You are hereSurvival Analysis

Survival Analysis


Finally, one of the most interesting novelties in my PhD. thesis is the application of Survival Analysis for the demographic study of the different communities of authors in Wikipedia. This is a well-known statistical technique already applied with successful results in other scientific areas such as Medicine (specially in Epidemiology studies), Demography and even in industrial environments (where it is better known as Failure Time Analysis).

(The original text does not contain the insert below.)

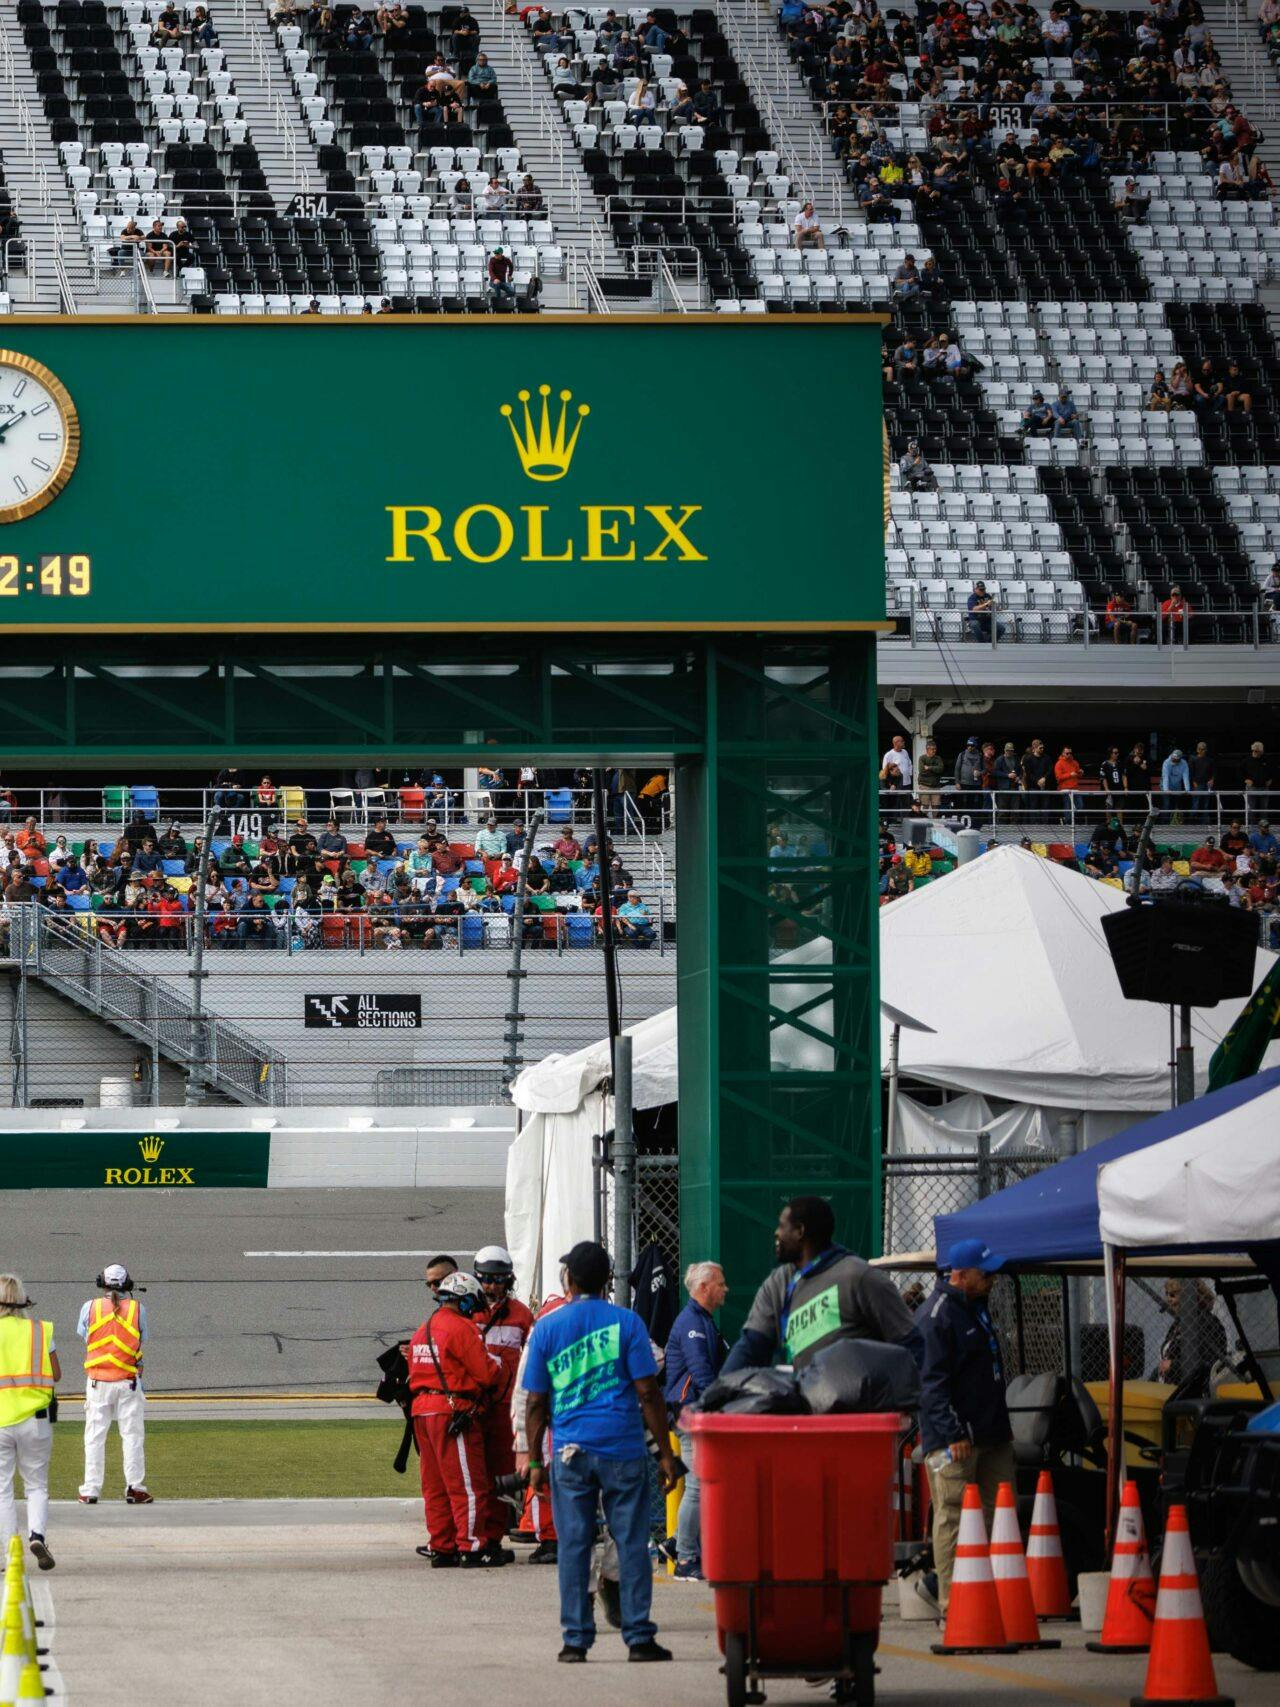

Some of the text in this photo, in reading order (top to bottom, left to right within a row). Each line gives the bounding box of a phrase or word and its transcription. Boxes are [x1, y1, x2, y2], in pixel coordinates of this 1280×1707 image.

This tool has been particularly useful in this case, since the huge amount of quantitative data gathered for each community let us obtain remarkably precise results (allowing us, for instance, to calculate the median lifetime of authors in some language versions with a 95% C.I. of approx. 2-3 days around the estimated value). It is worth noticing, however, that this technique must be applied carefully in this case. Contrary to other situations in which we can count the "deaths" in the study in a clear way, members of online communities may sometimes dissapear from the project for several months (even several years), just to show up again at some point in the future. Therefore, we have to consider this limitation in the analysis, taking into account that some of these "apparently dead" members (as for their contribution to the community) might be taking, in fact, a (sometimes long) break in their participation.

The best book I can recommend for an introduction on this topic is "Survival Analysis: A Self-Learning Text". The survival package provides all the necessary support for this techniques in GNU R.